I’ve felt this moment approaching for a couple of weeks now, but I think I can safely say my spoken Arabic has surpassed my spoken French. The turning point was last week when I was going over this grant proposal with my tutor, who speaks perfect French and was editing out all my mistakes and putting in much prettier language. Even just a month ago, I was regularly using my French to explain what I was trying (with difficulty) to express in Arabic. But last week, going over this or that wording in the grant proposal, I found myself using Arabic to explain what I was trying to express in French. I don’t know whether to be really proud of my Arabic or terrified about my loss of French communication skills. Pretty soon I’m going to need French tutoring, I think.

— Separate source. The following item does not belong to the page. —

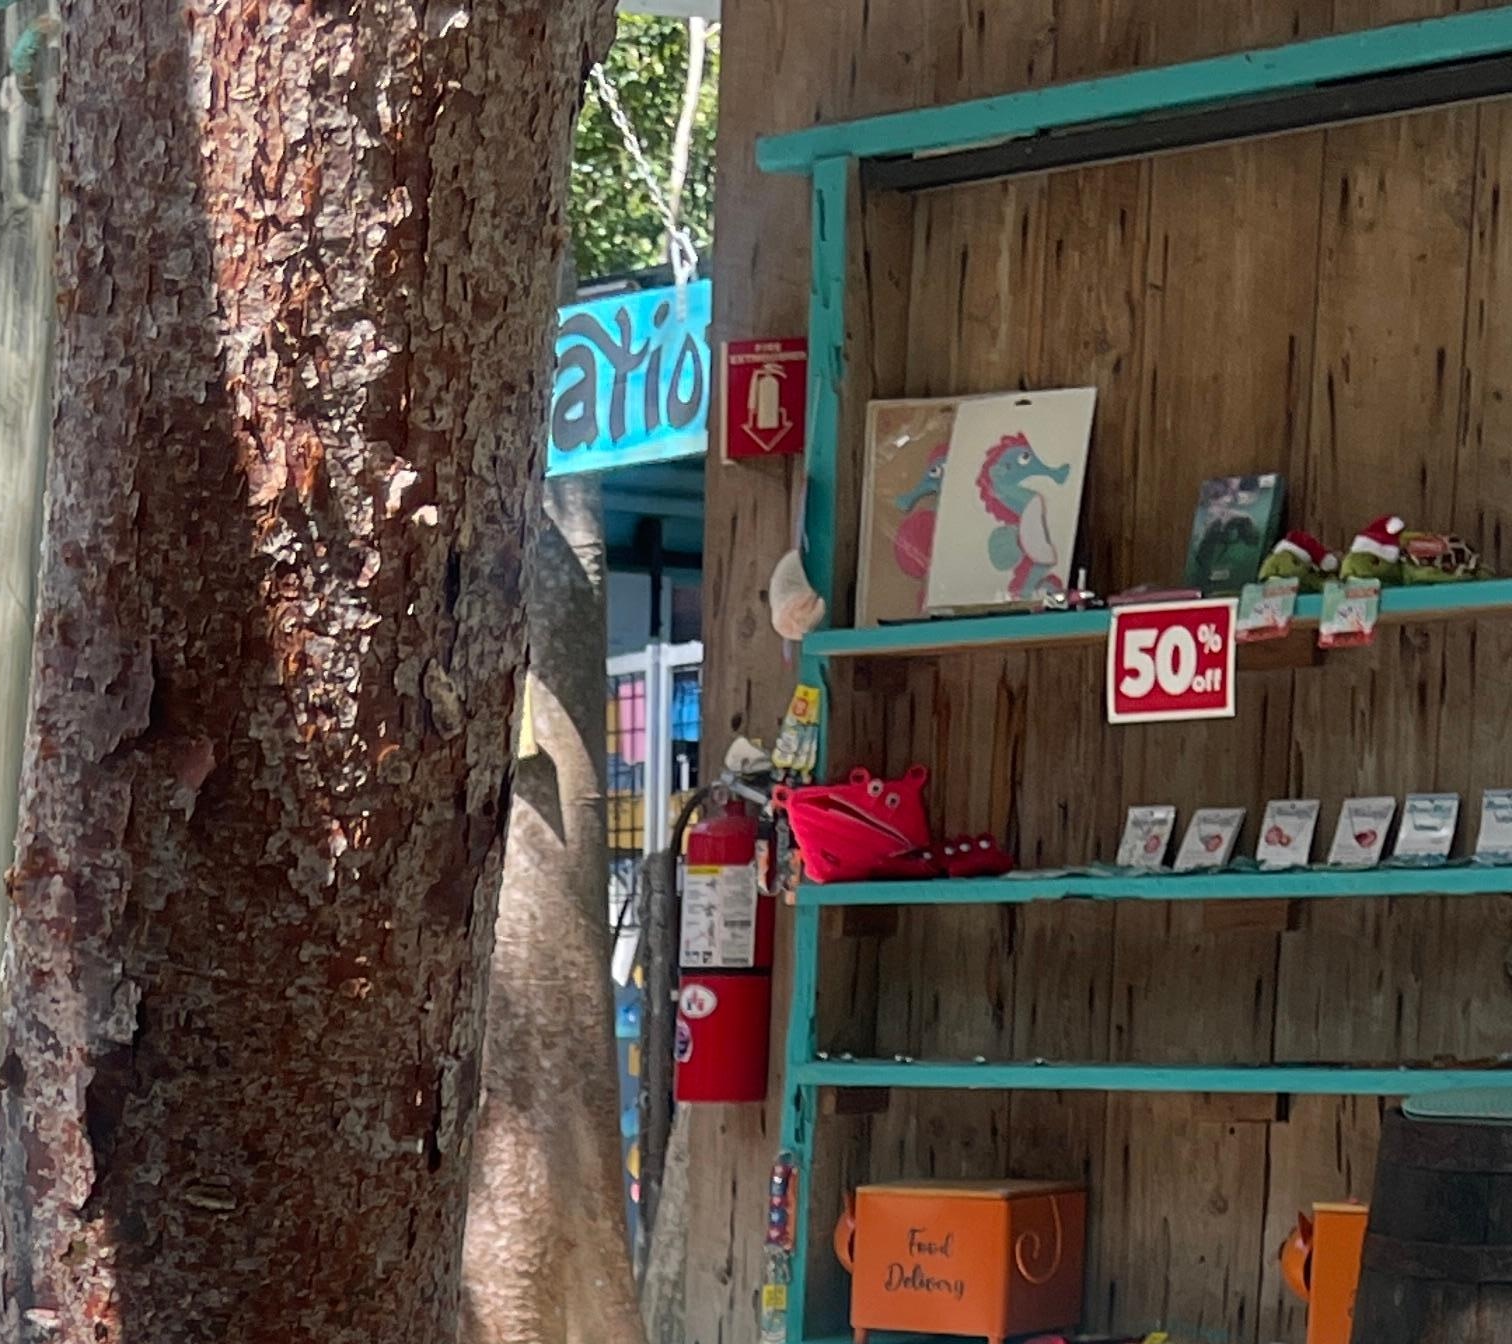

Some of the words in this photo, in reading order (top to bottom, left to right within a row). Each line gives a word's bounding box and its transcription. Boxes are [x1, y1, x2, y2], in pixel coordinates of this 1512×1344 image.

Release of our newest product – Zmita!


So zmita is hands-down my favorite food in Morocco (yes, better than couscous!) It’s this mix of ground up nuts and seeds and sugar and oil so it has the consistency of cookie dough, and you eat it with a spoon for breakfast or at tea (or just hanging out in your house like I do, any time of day). It’s one of those things that everyone makes at home but I’ve never seen packaged. Here’s our sweet label (I spent probably an hour setting up the photo shoot for the perfect label picture. Just so there’s no confusion, there are not actually any ground up flowers in the zmita, those are almond tree blossoms, and there are almonds).

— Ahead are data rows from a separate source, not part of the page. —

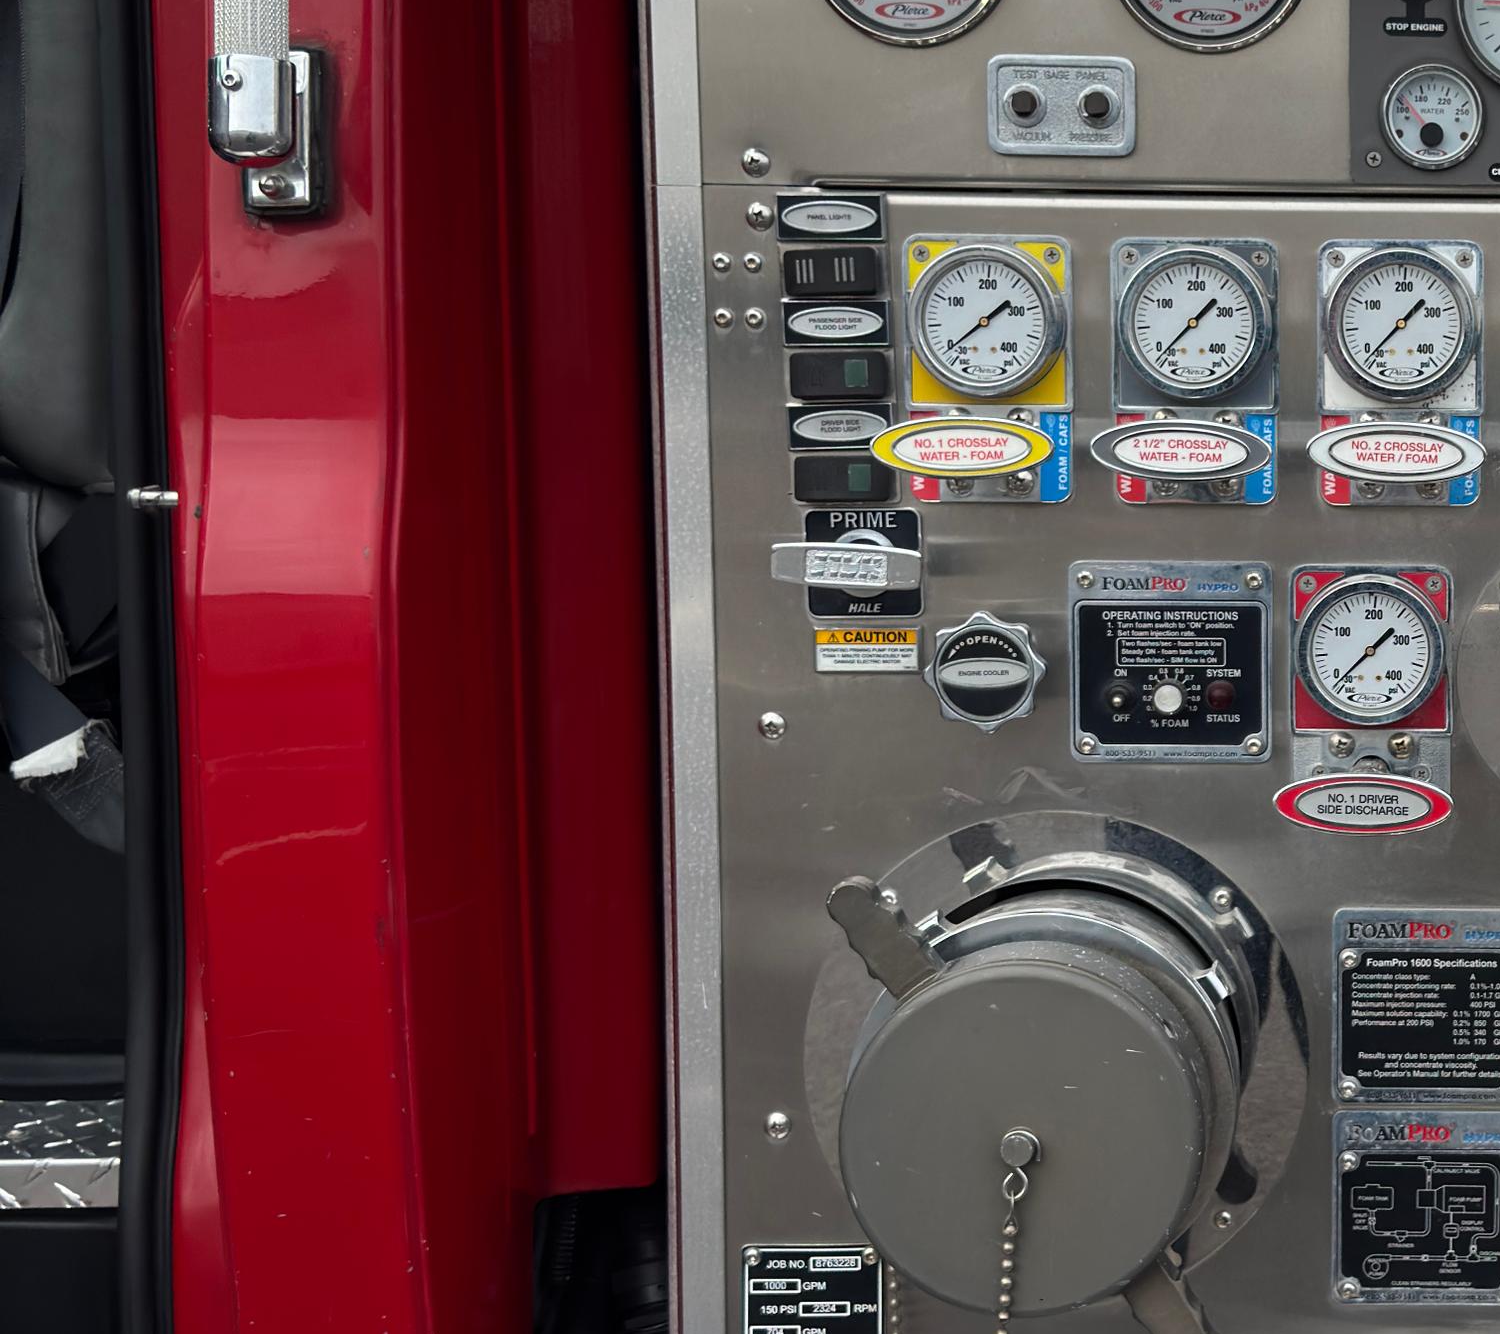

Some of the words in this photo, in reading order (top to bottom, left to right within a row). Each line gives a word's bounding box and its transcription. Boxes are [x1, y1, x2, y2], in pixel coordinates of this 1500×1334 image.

[891, 4, 929, 16] Pierce
[1189, 11, 1226, 21] Pierce
[1386, 22, 1408, 31] STOP
[1411, 23, 1444, 32] ENGINE
[979, 279, 997, 290] 200
[1008, 306, 1025, 317] 300
[1209, 343, 1226, 353] 400
[1059, 415, 1069, 439] CAFS
[914, 439, 934, 449] NO.
[948, 437, 1008, 448] CROSSLAY
[1133, 439, 1140, 448] 2
[1169, 440, 1228, 449] CROSSLAY
[1351, 440, 1372, 450] NO.
[1375, 441, 1381, 450] 2
[1384, 441, 1444, 452] CROSSLAY
[920, 450, 959, 460] WATER
[970, 450, 1004, 460] FOAM
[1140, 452, 1179, 462] WATER
[1189, 452, 1222, 462] FOAM
[1356, 453, 1396, 463] WATER
[1404, 454, 1438, 464] FOAM
[1059, 454, 1067, 490] FOAM
[830, 512, 897, 528] PRIME
[1197, 583, 1238, 592] HYPRO
[849, 603, 882, 613] HALE
[1103, 611, 1161, 620] OPERATING
[1164, 611, 1238, 620] INSTRUCTIONS
[1365, 610, 1383, 620] 200
[843, 632, 907, 643] CAUTION
[966, 636, 996, 645] OPEN
[1207, 669, 1241, 677] SYSTEM
[1207, 715, 1240, 723] STATUS
[1328, 793, 1348, 803] NO.
[1358, 794, 1398, 804] DRIVER
[1317, 805, 1342, 814] SIDE
[1345, 805, 1409, 816] DISCHARGE
[1367, 959, 1408, 967] FoamPro
[1411, 959, 1431, 967] 1600
[1434, 959, 1497, 968] Specifications
[767, 1260, 786, 1268] JOB
[789, 1260, 807, 1268] NO.
[803, 1282, 826, 1290] GPM
[761, 1306, 778, 1314] 150
[780, 1306, 797, 1314] PSI
[854, 1304, 877, 1313] RPM

The Izzies vs. the Kookies

One of the goals of Peace Corps Morocco is to spread Peace and Friendship between the US and the Arab world. But that goal is looking to be a piece of cake compared to spreading Peace and Friendship between my village and the one a mile down the road. Because we’re not supposed to post exact locations on our blogs, I’ll use nicknames: the izzies and the kookies. (There are also the debbies and the tabbies in our area, but I haven’t come across any drama with them yet.) I live with the kookies, but I’ve been spending an increasing amount of time with the (evil) izzies, for two main reasons: my tutor/best friend lives there, and there are about twenty times more kids there than in my village, which makes for hilariously chaotic soccer games, hikes up the mountain, and impromptu yoga classes in the mud. Sunday mornings are my favorite time of the week for this very reason. It’s a great little town, and way more lively than mine. Too bad I’ve been expressly forbidden on several occasions from going there by my host father (“izzies are bad!”).


The schism runs deep: there seems to be an invisible line somewhere that no one crosses – my host sisters have literally never been down there, and every time I try to get the boys from my village to come with me to play soccer with the izzie boys, they shake their heads and look at me, shocked like I’m wandering into a haunted forest and warn me about the mean and horrible izzie boys lurking around the corners. The women of the kookie association don’t have very nice things to say about izzie women either, making fun of their southern accents (this is definitely the best part of the rivalry - they’re one mile south of us!!).

Every time I head down south to izzie land, the izzie women ask me about helping them start an association. In my opinion, the best solution is to absorb them into our kookie association, since there are a million hoops to jump through to start an association, and I’m not sure Morocco really needs another carpet-making association. I’m picturing someday in the future when the global demand for our couscous gets to be more than we can fill in our little one-room association, we can have a satellite association campus there, and I’ll go down with a donkey once a week and bring up the couscous they make, pay them by the kilo, and put our label on it. The izzies make way more carpets than we do up here and I think it would be in everyone’s interest to take their carpets along with us when we go to trade fairs and expositions. But somehow I can’t see that idea going over so well with the kookies.

By poking around a little, I’ve come to learn that the feud goes back about twenty years, when there was a land dispute between the izzies and the Cheikh of the whole area (who’s a kookie). The izzies won and the Cheikh has held a (pretty excessive, in my opinion) grudge ever since.